Opiates -- starting with opium, which is derived from the poppy plant -- have been used for pain relief for more than 3,000 years. The opiates morphine and codeine, also from the poppy plant, were isolated and made available in the early 1800s. Since that time, multiple synthetic opiates such as hydrocodone and oxycodone have been widely used for pain. These drugs attach to opiate receptors in both the brain and spinal cord.
One problem with opiates is that they relieve pain in the short term, but will not control it in the long term. Thus to relieve chronic pain, a person has to perpetually use the medication -- creating one of the addictive aspects of the drugs. The other problem with opiates is that people become tolerant of the medications, meaning that with consistent use, a person needs more medication to relieve the same amount of pain.

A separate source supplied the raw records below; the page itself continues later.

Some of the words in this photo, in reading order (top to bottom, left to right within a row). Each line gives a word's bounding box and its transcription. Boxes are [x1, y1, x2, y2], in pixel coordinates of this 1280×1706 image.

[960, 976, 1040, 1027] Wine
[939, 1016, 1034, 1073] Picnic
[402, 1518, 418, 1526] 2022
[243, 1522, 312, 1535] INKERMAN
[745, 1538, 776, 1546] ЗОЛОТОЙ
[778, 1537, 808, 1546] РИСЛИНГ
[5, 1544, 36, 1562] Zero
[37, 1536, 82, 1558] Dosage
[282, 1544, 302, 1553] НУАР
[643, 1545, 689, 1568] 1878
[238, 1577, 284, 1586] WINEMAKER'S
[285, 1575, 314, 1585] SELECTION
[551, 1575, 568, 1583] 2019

For these reasons, opium and its progeny have been abused worldwide. The United States is facing an epidemic of opiate abuse, with prescription opiate medication leading to a rapid increase in lethal drug overdoses. In 2014, more than 18,000 people died from overdosing on prescription opiates, according to the federal Centers for Disease Control and Prevention.
Marijuana has been used also for more than 3,000 years. It works through the endocannabinoid system of the body, which has receptors in the brain and spinal cord as well as the immune system. The receptors in the brain and spinal cord can decrease muscle spasms and pain, while those receptors in the immune system can decrease inflammation and pain.
A 2015 study published in the Journal of the American Medical Association (JAMA) looked at 14 different clinical trials of marijuana use by multiple sclerosis patients and found relief from chronic pain, nerve pain, and pain and muscle spasm. Another study published in 2015 in JAMA looked at 28 different studies with 2,454 patients and found a 30 percent reduction of pain with cannabis-related products compared with placebo.
Opiates can relieve pain in the short term, such as after surgery or an acute injury. But due to their addictive potential and lack of long-term benefit, opiates are not a good choice for long-term pain relief.
Marijuana is not without its own potential risks and side effects. These include short-term memory loss, poor motor coordination, paranoid thoughts and, for some, psychosis. Long-term use can also create the potential for addiction, but not to the degree of opiate medications. Also, overdosing on marijuana doesn't lead to death, as it can with opiates.
My suggestion in regard to chronic back pain is to try other methods of pain control over opioids. These include physical therapy, yoga and stretching. If these don't work, marijuana is an option, but beware of its side effects -- and try to minimize its use.